Task objective :: Every entry below should be restated word for word, except for its images.

Records for this task ::
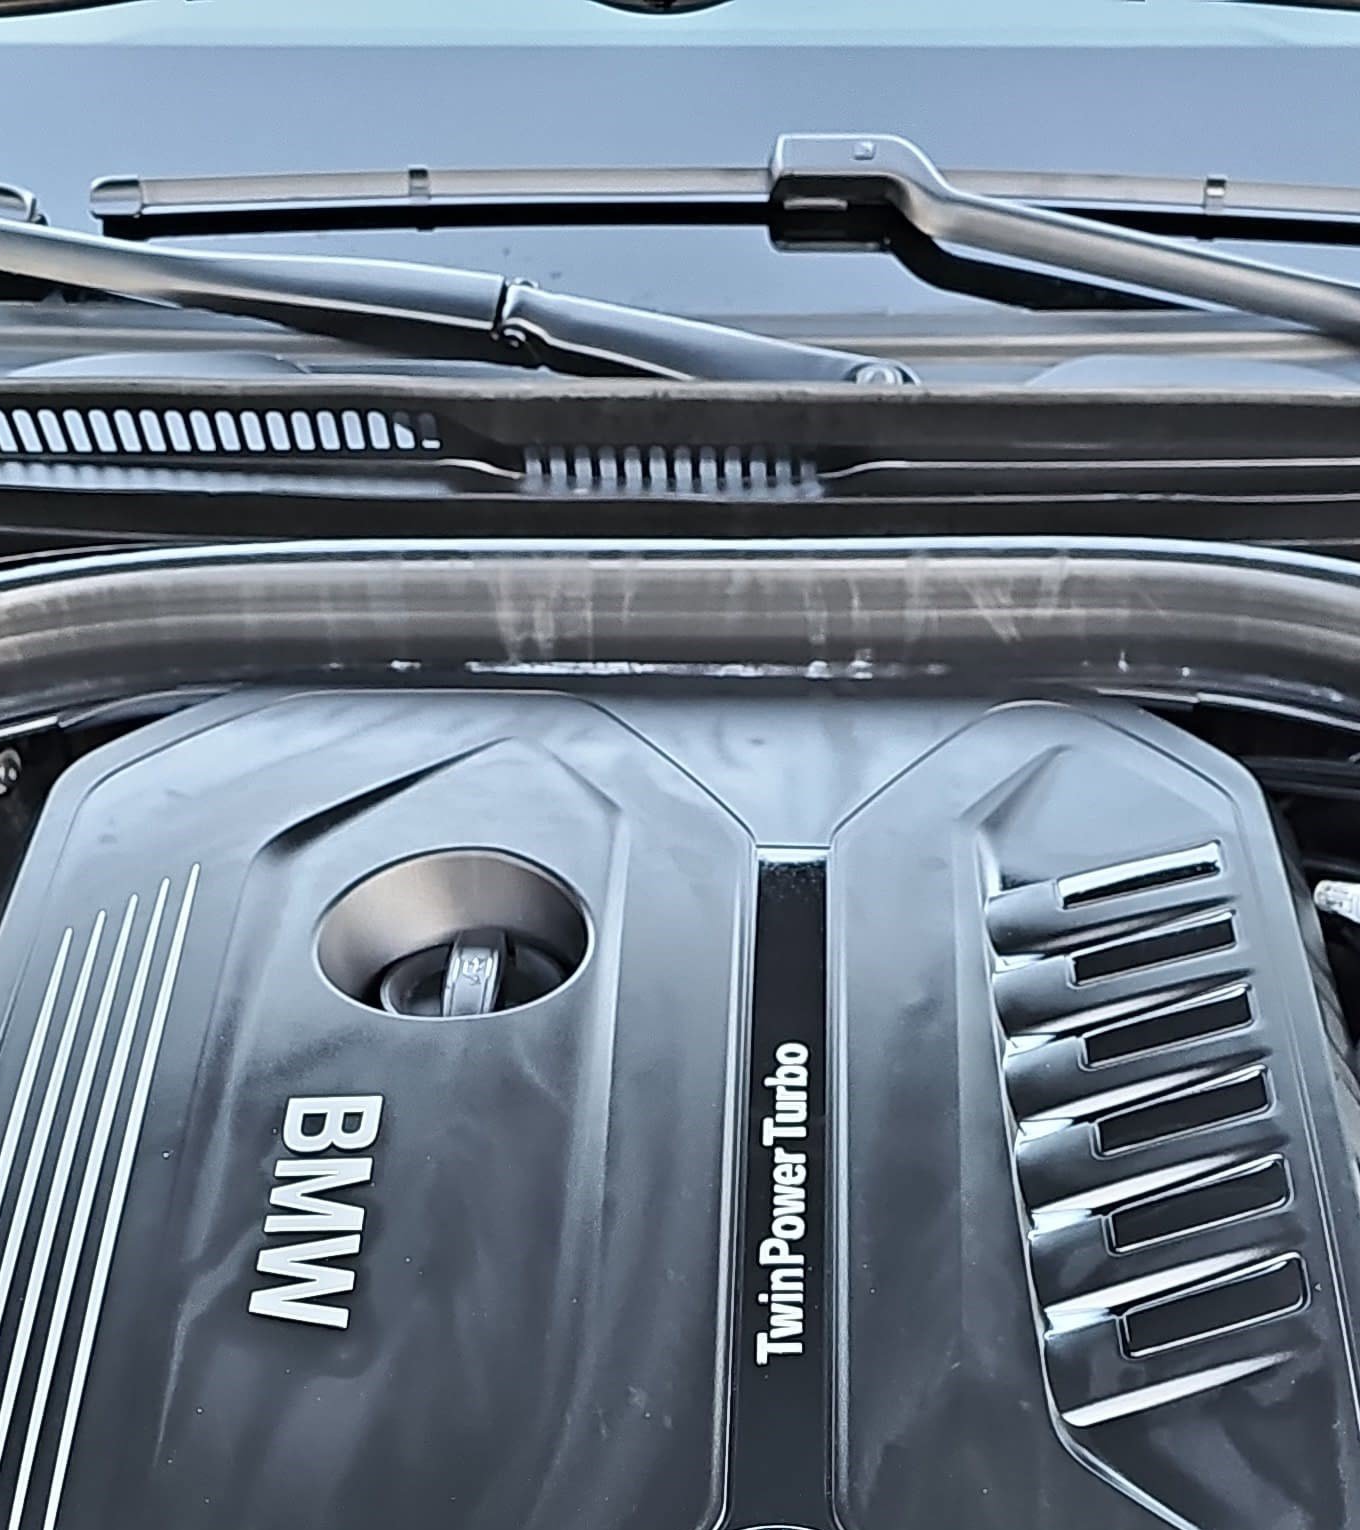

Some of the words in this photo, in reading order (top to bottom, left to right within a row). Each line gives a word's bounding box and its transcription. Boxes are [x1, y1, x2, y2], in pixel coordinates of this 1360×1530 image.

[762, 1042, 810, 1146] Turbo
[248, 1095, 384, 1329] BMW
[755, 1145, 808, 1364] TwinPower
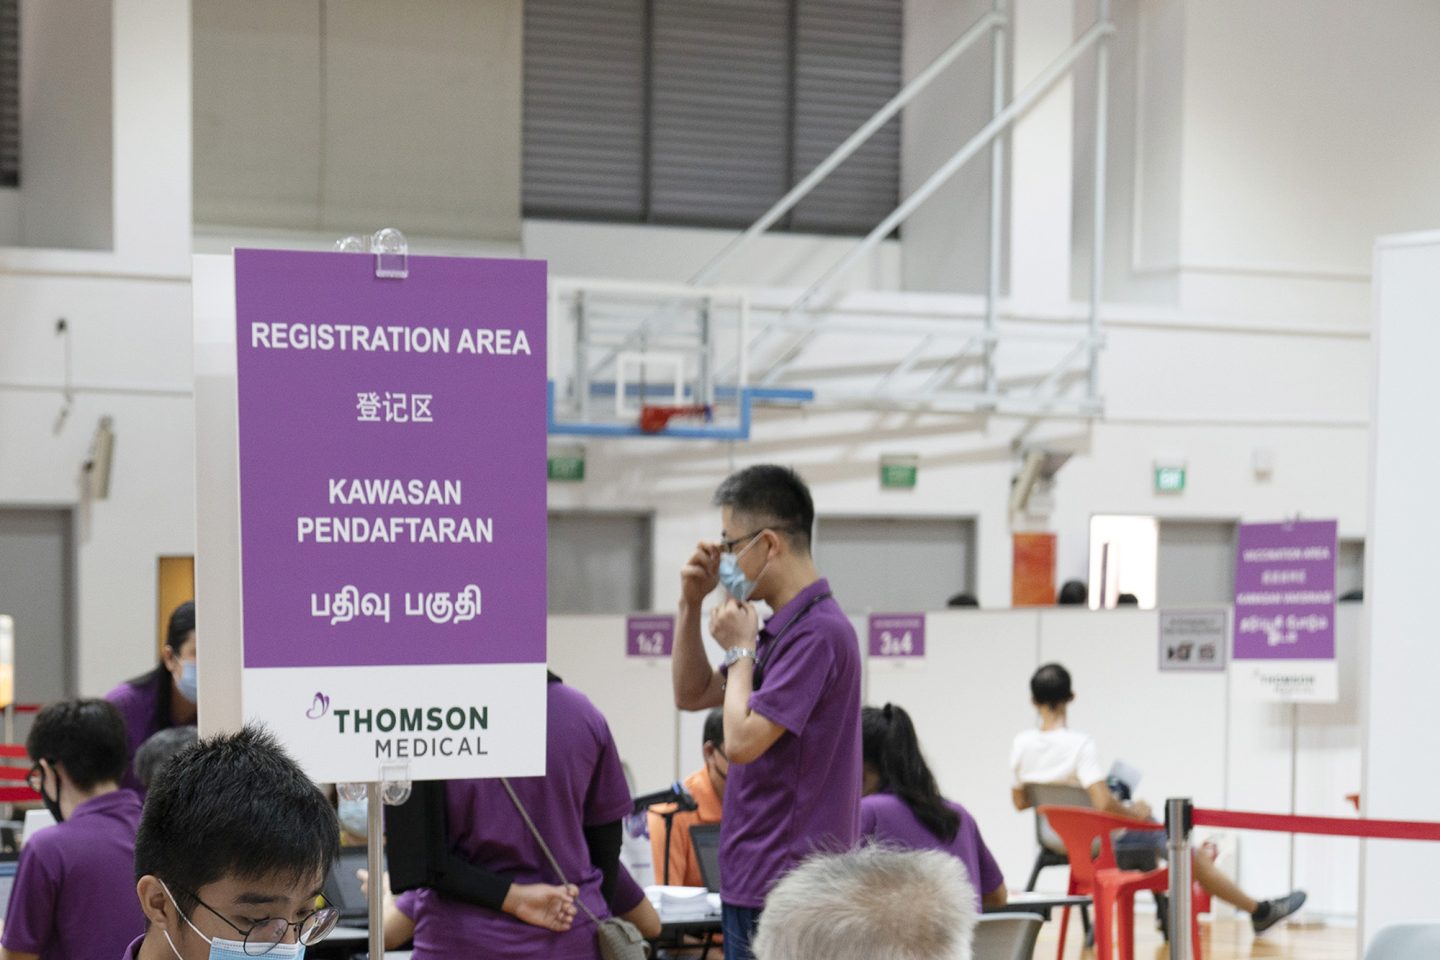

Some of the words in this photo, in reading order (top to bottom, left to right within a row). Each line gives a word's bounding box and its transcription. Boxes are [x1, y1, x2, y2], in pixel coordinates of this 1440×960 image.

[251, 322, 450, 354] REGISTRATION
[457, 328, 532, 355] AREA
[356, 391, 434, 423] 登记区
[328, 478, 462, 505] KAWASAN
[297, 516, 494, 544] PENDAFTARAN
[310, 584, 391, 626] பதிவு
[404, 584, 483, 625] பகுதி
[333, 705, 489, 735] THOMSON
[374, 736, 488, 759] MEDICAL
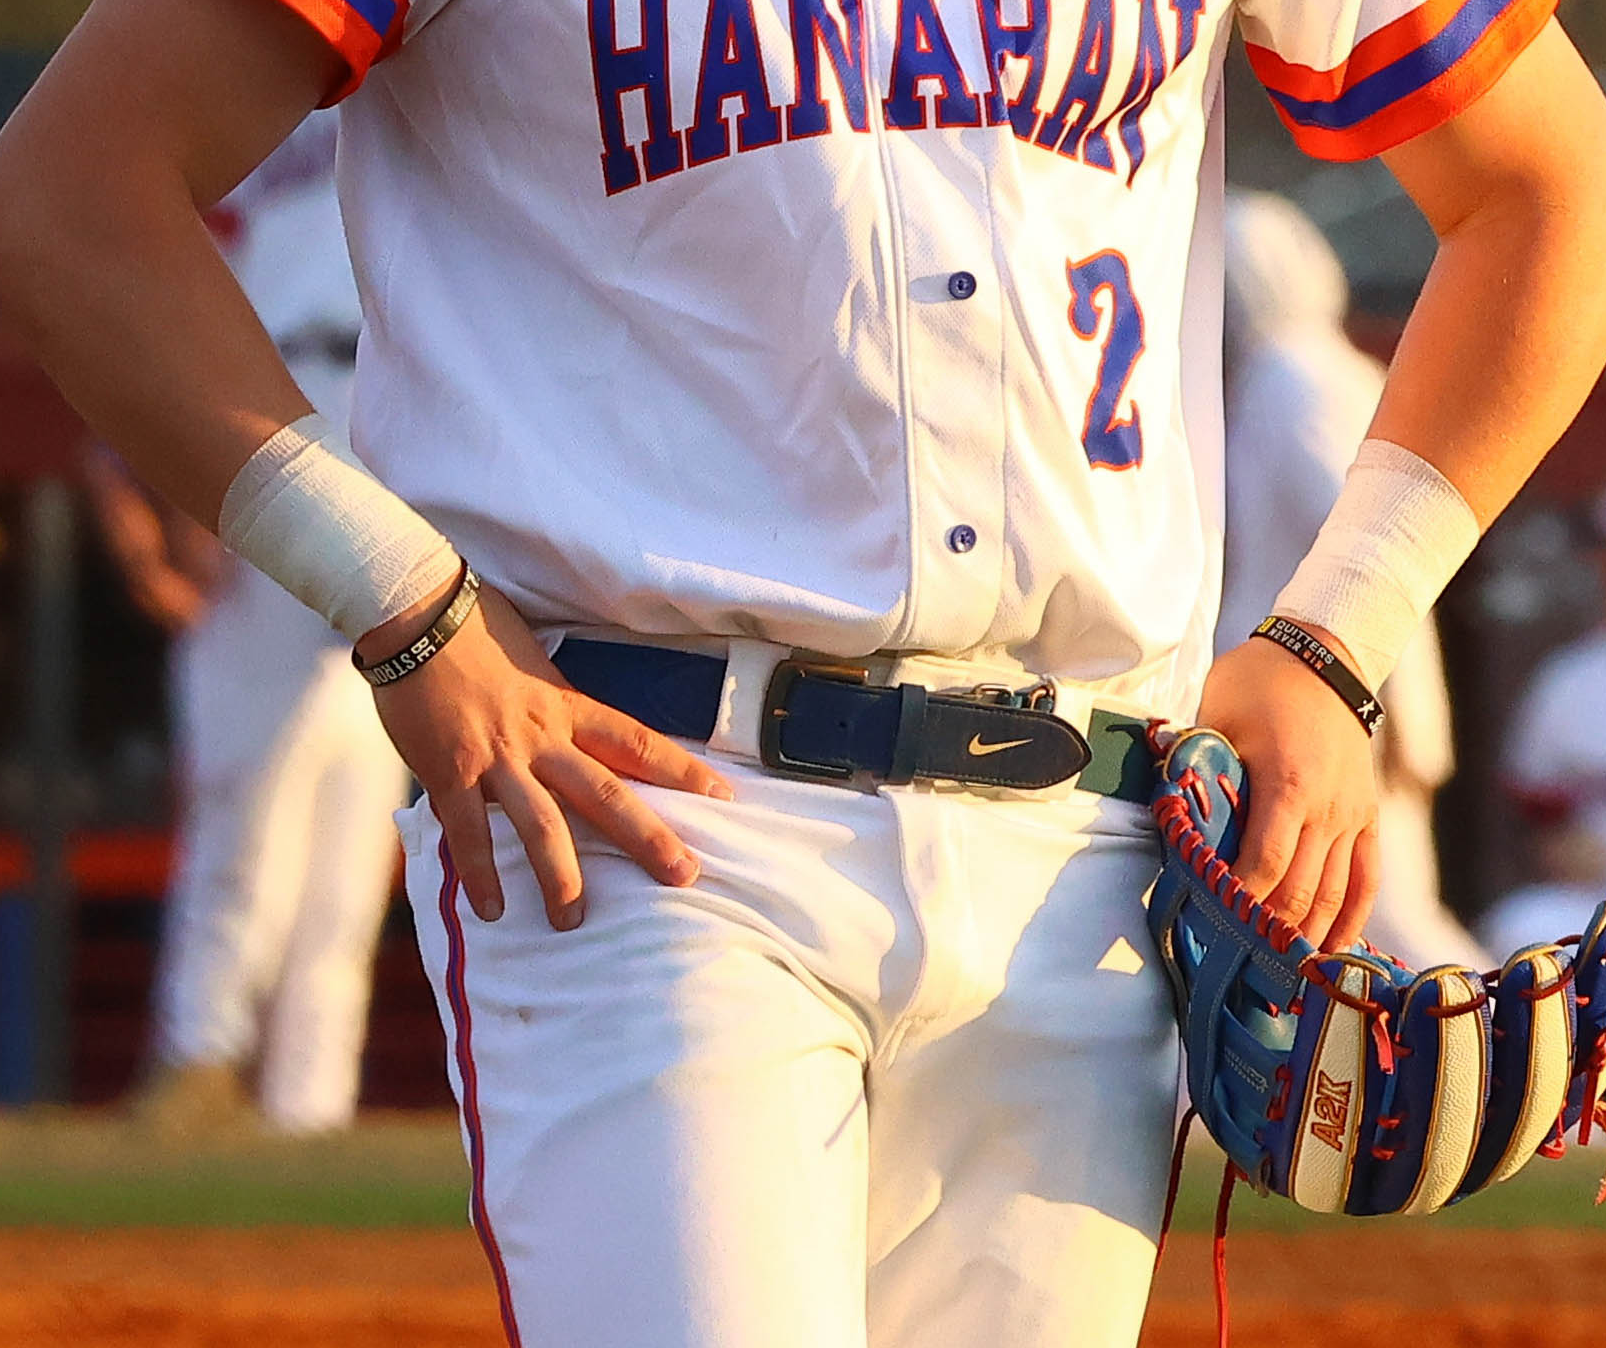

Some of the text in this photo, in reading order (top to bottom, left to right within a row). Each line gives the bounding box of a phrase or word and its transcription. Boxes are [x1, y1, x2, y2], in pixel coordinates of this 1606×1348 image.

Answer ::
Some of the words in this photo, in reading order (top to bottom, left to right within a row). Each line gives a word's bounding box and its transcription. Boxes are [x1, y1, x2, y2], in pixel coordinates of this 1360×1530 image.

[762, 1042, 810, 1146] Turbo
[248, 1095, 384, 1329] BMW
[755, 1145, 808, 1364] TwinPower

Some of the words in this photo, in reading order (top to bottom, left to right within a row). Each line gives a word's bounding box and its transcription. Boxes are [x1, y1, x2, y2], in pixel coordinates of this 1440×960 image.

[251, 322, 450, 354] REGISTRATION
[457, 328, 532, 355] AREA
[356, 391, 434, 423] 登记区
[328, 478, 462, 505] KAWASAN
[297, 516, 494, 544] PENDAFTARAN
[310, 584, 391, 626] பதிவு
[404, 584, 483, 625] பகுதி
[333, 705, 489, 735] THOMSON
[374, 736, 488, 759] MEDICAL

Some of the text in this photo, in reading order (top to bottom, left to right within a row). Each line gives the bounding box of a phrase or word and its transcription. Boxes are [x1, y1, x2, y2], in pixel coordinates of this 1606×1348 image.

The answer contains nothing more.